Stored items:
....

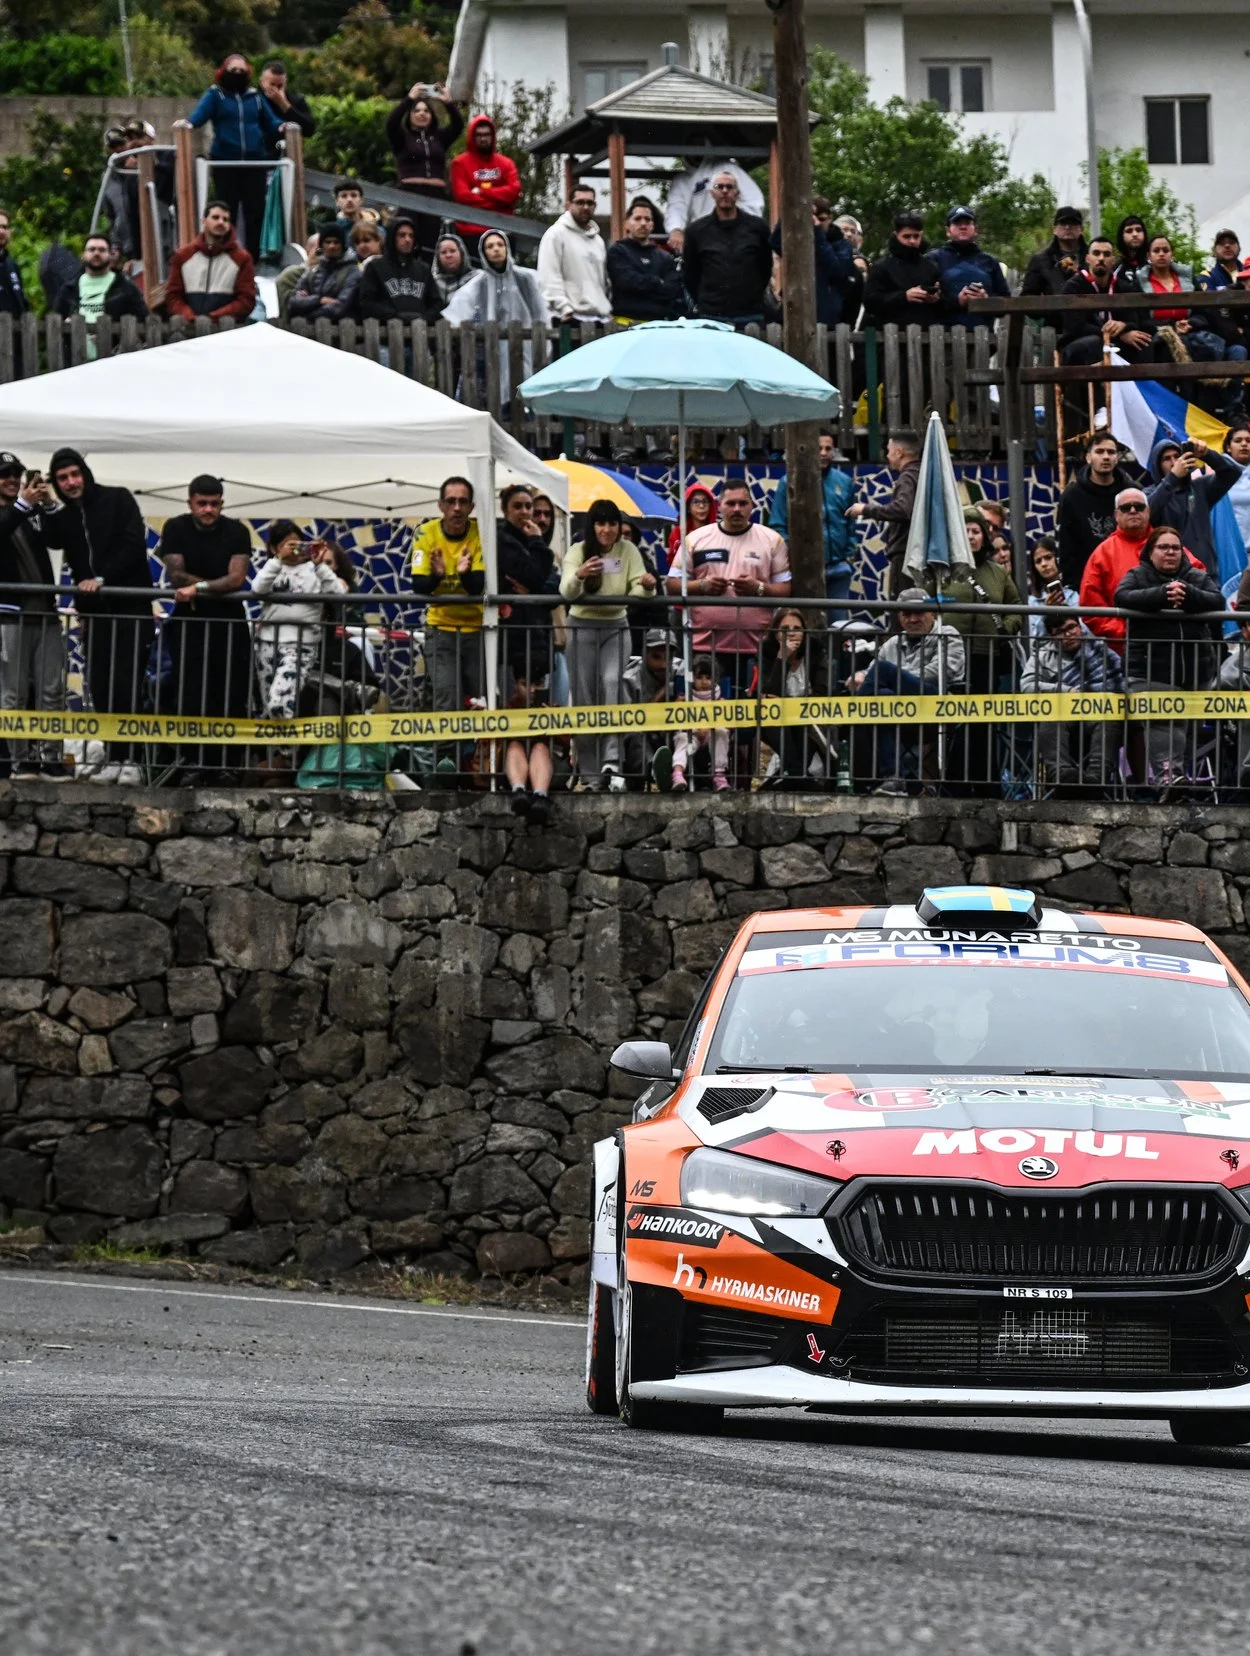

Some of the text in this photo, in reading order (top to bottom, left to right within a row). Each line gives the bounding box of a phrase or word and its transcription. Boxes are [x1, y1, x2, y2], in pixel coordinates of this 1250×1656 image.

[800, 701, 917, 719] ZONA PUBLICO
[936, 700, 1052, 717] ZONA PUBLICO
[1071, 697, 1185, 715] ZONA PUBLICO
[1204, 698, 1247, 713] ZONA
[391, 714, 509, 735] ZONA PUBLICO
[528, 709, 646, 730] ZONA PUBLICO
[664, 707, 707, 724] ZONA
[29, 717, 100, 735] PUBLICO
[117, 719, 236, 739] ZONA PUBLICO
[254, 722, 298, 739] ZONA
[822, 930, 1141, 951] MS MUNARETTO
[841, 944, 1191, 974] FORUM8
[912, 1129, 1160, 1160] MOTUL
[630, 1179, 657, 1197] MS
[711, 1276, 821, 1312] HYRMASKINER
[1007, 1288, 1068, 1299] NR S 109
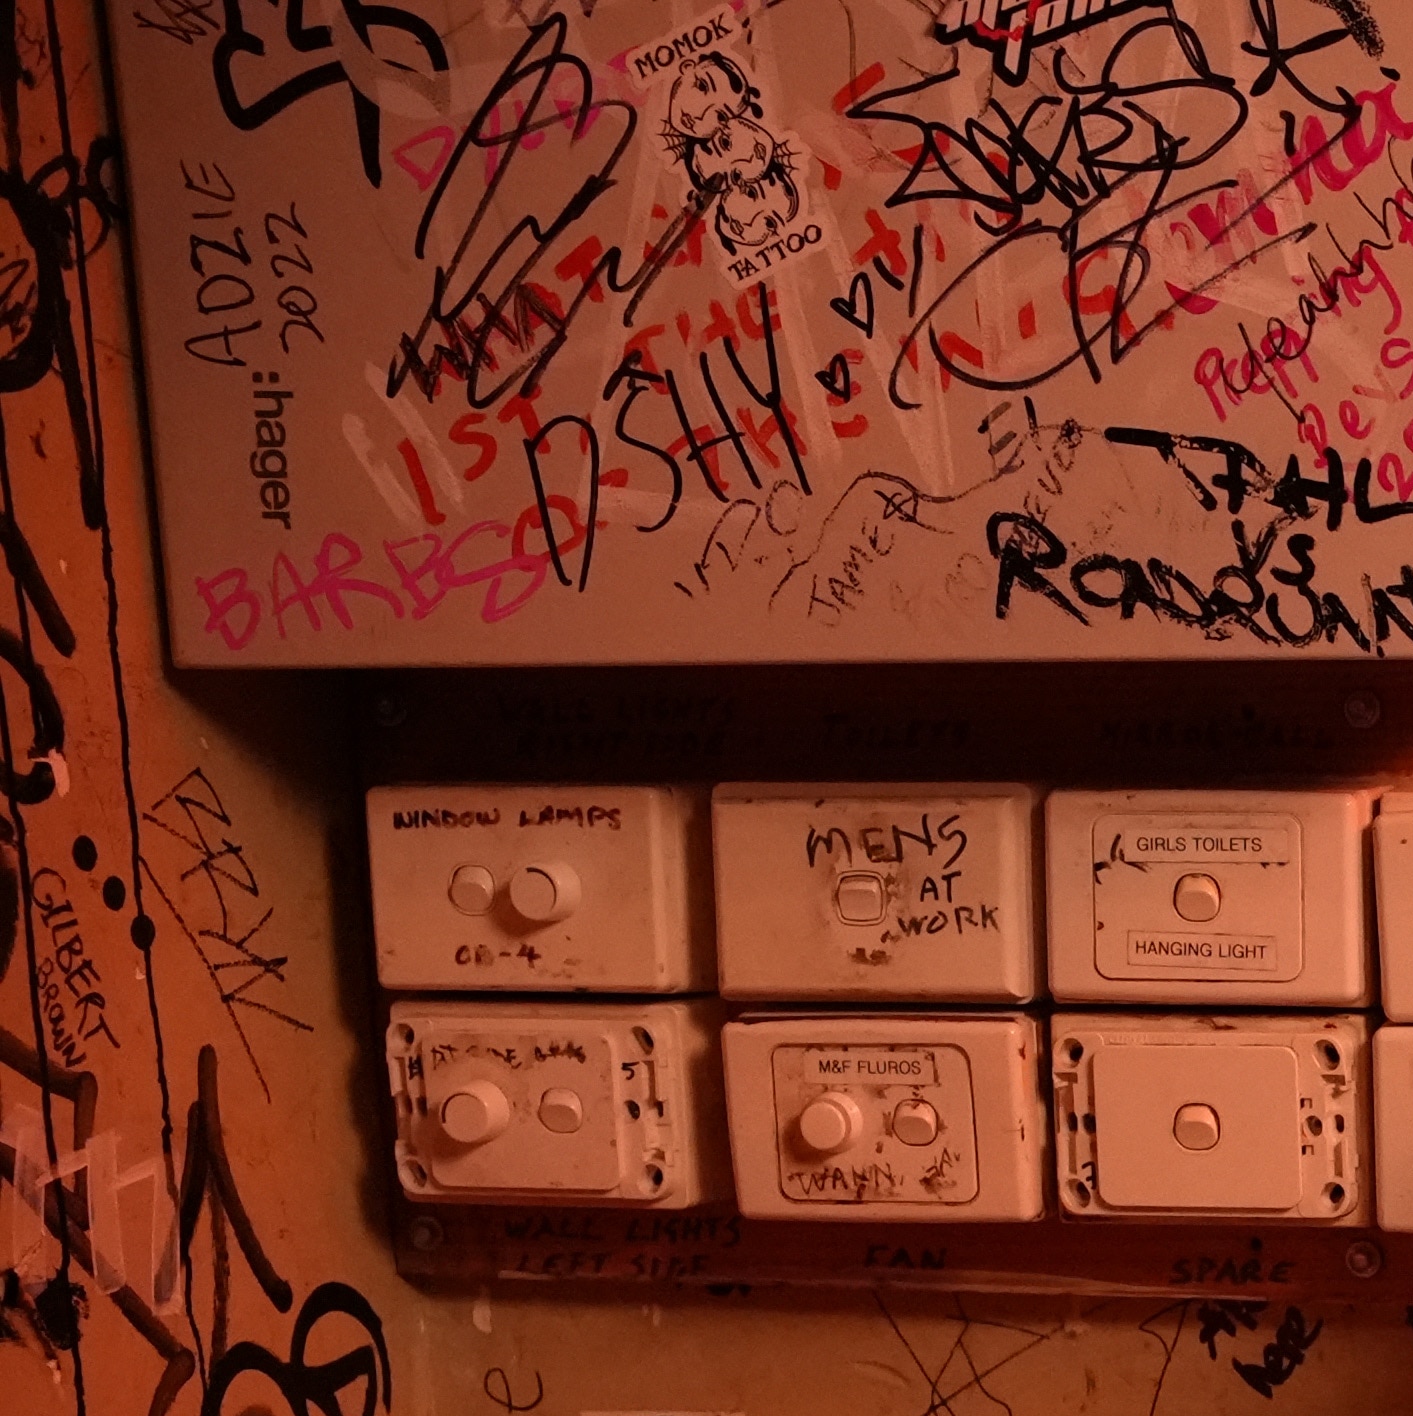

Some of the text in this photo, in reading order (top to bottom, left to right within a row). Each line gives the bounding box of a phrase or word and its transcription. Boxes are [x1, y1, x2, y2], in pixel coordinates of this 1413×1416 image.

[634, 14, 735, 80] MOMOK
[727, 222, 824, 282] TATTOO
[392, 805, 623, 832] WINDOW LAMPS
[806, 813, 969, 869] MENS
[1135, 836, 1263, 855] GIRLS TOILETS
[917, 872, 962, 903] AT
[897, 904, 1001, 938] WORK
[30, 865, 121, 1049] GILBERT
[1134, 940, 1267, 960] HANGING LIGHT
[35, 953, 88, 1069] BROWN
[818, 1059, 922, 1076] M&F FLUROS
[625, 1216, 742, 1247] LIGHTS
[864, 1244, 947, 1270] FAN
[1168, 1256, 1299, 1285] SPARE
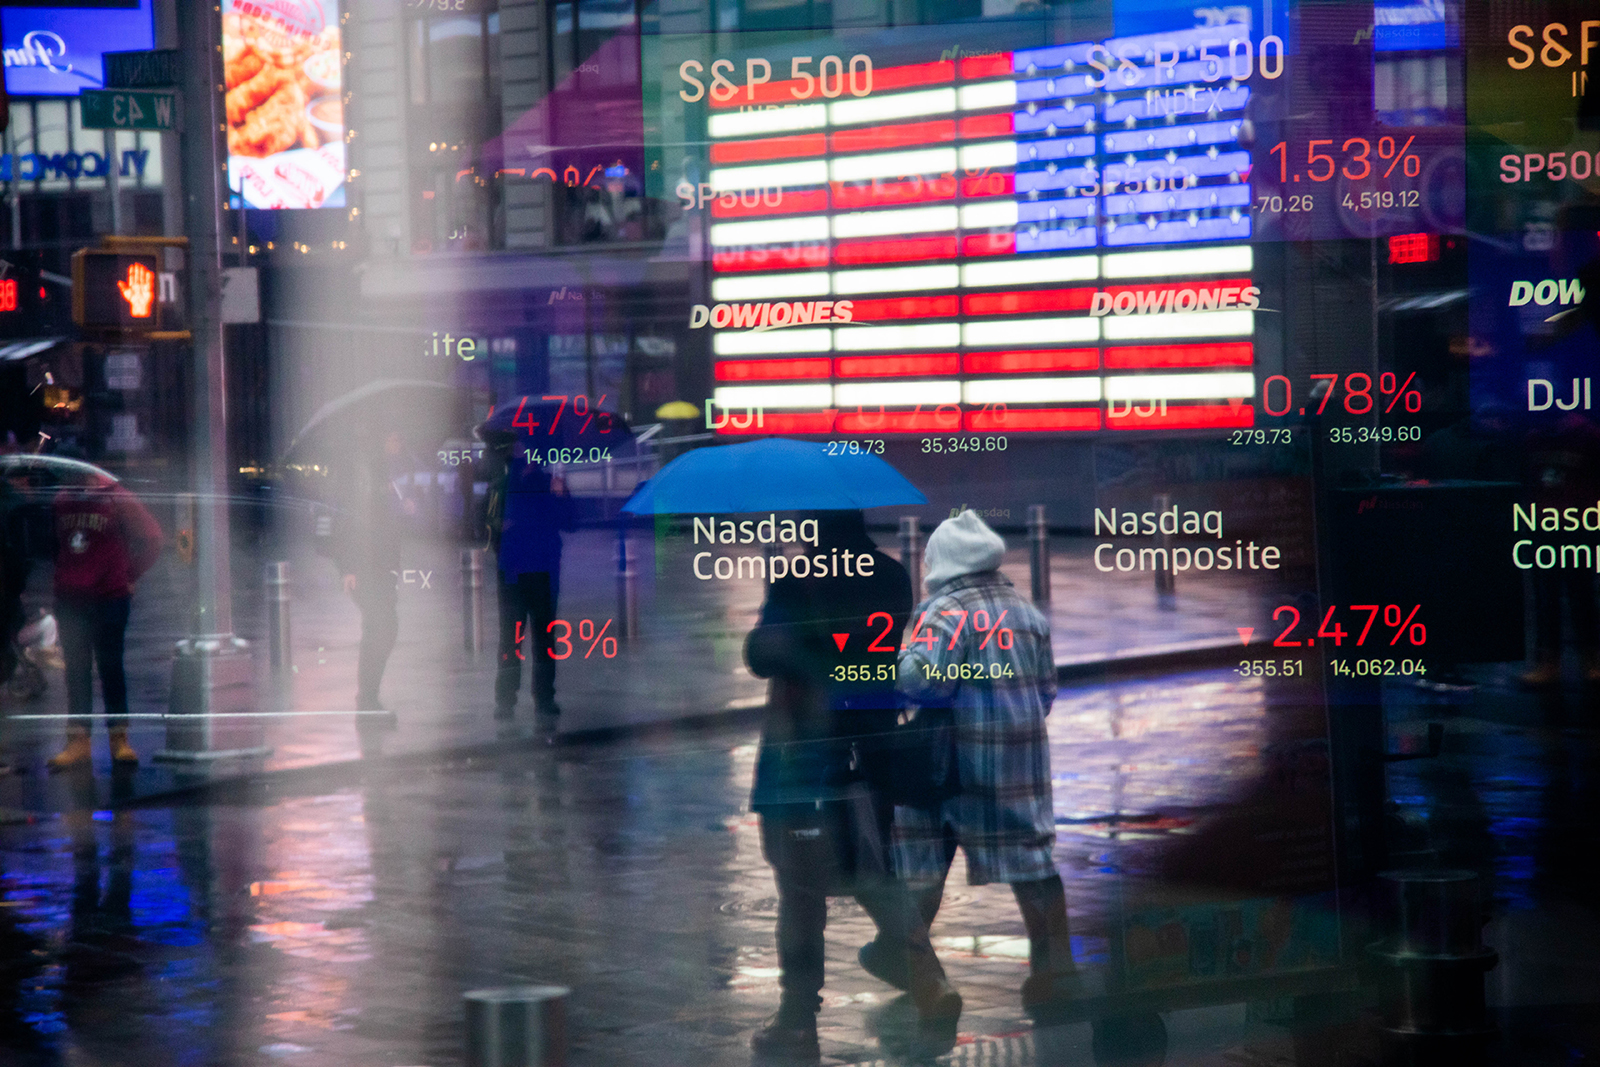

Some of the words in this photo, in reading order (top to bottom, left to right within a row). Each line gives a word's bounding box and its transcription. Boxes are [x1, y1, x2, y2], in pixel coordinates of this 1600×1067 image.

....

WORK TASK:
Write out every line above exactly as it is, leaving out the pictures.

RESULT:
Some of the text in this photo, in reading order (top to bottom, left to right within a row). Each line gives the bounding box of a phrase or word and its transcription. Boxes are [x1, y1, x2, y2], in pixel coordinates of this 1250×1656 image.

[800, 701, 917, 719] ZONA PUBLICO
[936, 700, 1052, 717] ZONA PUBLICO
[1071, 697, 1185, 715] ZONA PUBLICO
[1204, 698, 1247, 713] ZONA
[391, 714, 509, 735] ZONA PUBLICO
[528, 709, 646, 730] ZONA PUBLICO
[664, 707, 707, 724] ZONA
[29, 717, 100, 735] PUBLICO
[117, 719, 236, 739] ZONA PUBLICO
[254, 722, 298, 739] ZONA
[822, 930, 1141, 951] MS MUNARETTO
[841, 944, 1191, 974] FORUM8
[912, 1129, 1160, 1160] MOTUL
[630, 1179, 657, 1197] MS
[711, 1276, 821, 1312] HYRMASKINER
[1007, 1288, 1068, 1299] NR S 109

Some of the text in this photo, in reading order (top to bottom, left to right within a row). Each line gives the bounding box of a phrase or word and its transcription. Boxes are [x1, y1, x2, y2], in pixel coordinates of this 1413×1416 image.

[634, 14, 735, 80] MOMOK
[727, 222, 824, 282] TATTOO
[392, 805, 623, 832] WINDOW LAMPS
[806, 813, 969, 869] MENS
[1135, 836, 1263, 855] GIRLS TOILETS
[917, 872, 962, 903] AT
[897, 904, 1001, 938] WORK
[30, 865, 121, 1049] GILBERT
[1134, 940, 1267, 960] HANGING LIGHT
[35, 953, 88, 1069] BROWN
[818, 1059, 922, 1076] M&F FLUROS
[625, 1216, 742, 1247] LIGHTS
[864, 1244, 947, 1270] FAN
[1168, 1256, 1299, 1285] SPARE

Some of the words in this photo, in reading order (top to bottom, left to right within a row). Each line gives a word's bounding box and its transcription. Boxes are [x1, y1, x2, y2], in pixel coordinates of this 1600×1067 image.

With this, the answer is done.